TASK BRIEF: Whatever appears in the entries must be given again exactly.

Records from a dataset:
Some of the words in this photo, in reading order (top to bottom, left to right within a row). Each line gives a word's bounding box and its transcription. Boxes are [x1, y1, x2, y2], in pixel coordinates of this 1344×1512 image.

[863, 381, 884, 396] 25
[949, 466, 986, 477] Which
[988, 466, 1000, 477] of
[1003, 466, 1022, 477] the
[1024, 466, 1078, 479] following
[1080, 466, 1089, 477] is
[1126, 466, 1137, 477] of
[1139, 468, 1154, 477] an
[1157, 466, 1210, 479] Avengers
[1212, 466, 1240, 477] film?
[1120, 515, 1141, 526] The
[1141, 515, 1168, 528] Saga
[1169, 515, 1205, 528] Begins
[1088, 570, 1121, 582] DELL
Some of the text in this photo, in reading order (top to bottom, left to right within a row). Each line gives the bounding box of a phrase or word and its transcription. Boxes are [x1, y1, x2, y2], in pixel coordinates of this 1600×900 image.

OUTPUT:
Some of the words in this photo, in reading order (top to bottom, left to right within a row). Each line gives a word's bounding box and its transcription. Boxes are [x1, y1, x2, y2], in pixel coordinates of this 1344×1512 image.

[863, 381, 884, 396] 25
[949, 466, 986, 477] Which
[988, 466, 1000, 477] of
[1003, 466, 1022, 477] the
[1024, 466, 1078, 479] following
[1080, 466, 1089, 477] is
[1126, 466, 1137, 477] of
[1139, 468, 1154, 477] an
[1157, 466, 1210, 479] Avengers
[1212, 466, 1240, 477] film?
[1120, 515, 1141, 526] The
[1141, 515, 1168, 528] Saga
[1169, 515, 1205, 528] Begins
[1088, 570, 1121, 582] DELL
Some of the text in this photo, in reading order (top to bottom, left to right within a row). Each line gives the bounding box of a phrase or word and its transcription. Boxes are [x1, y1, x2, y2], in pixel coordinates of this 1600×900 image.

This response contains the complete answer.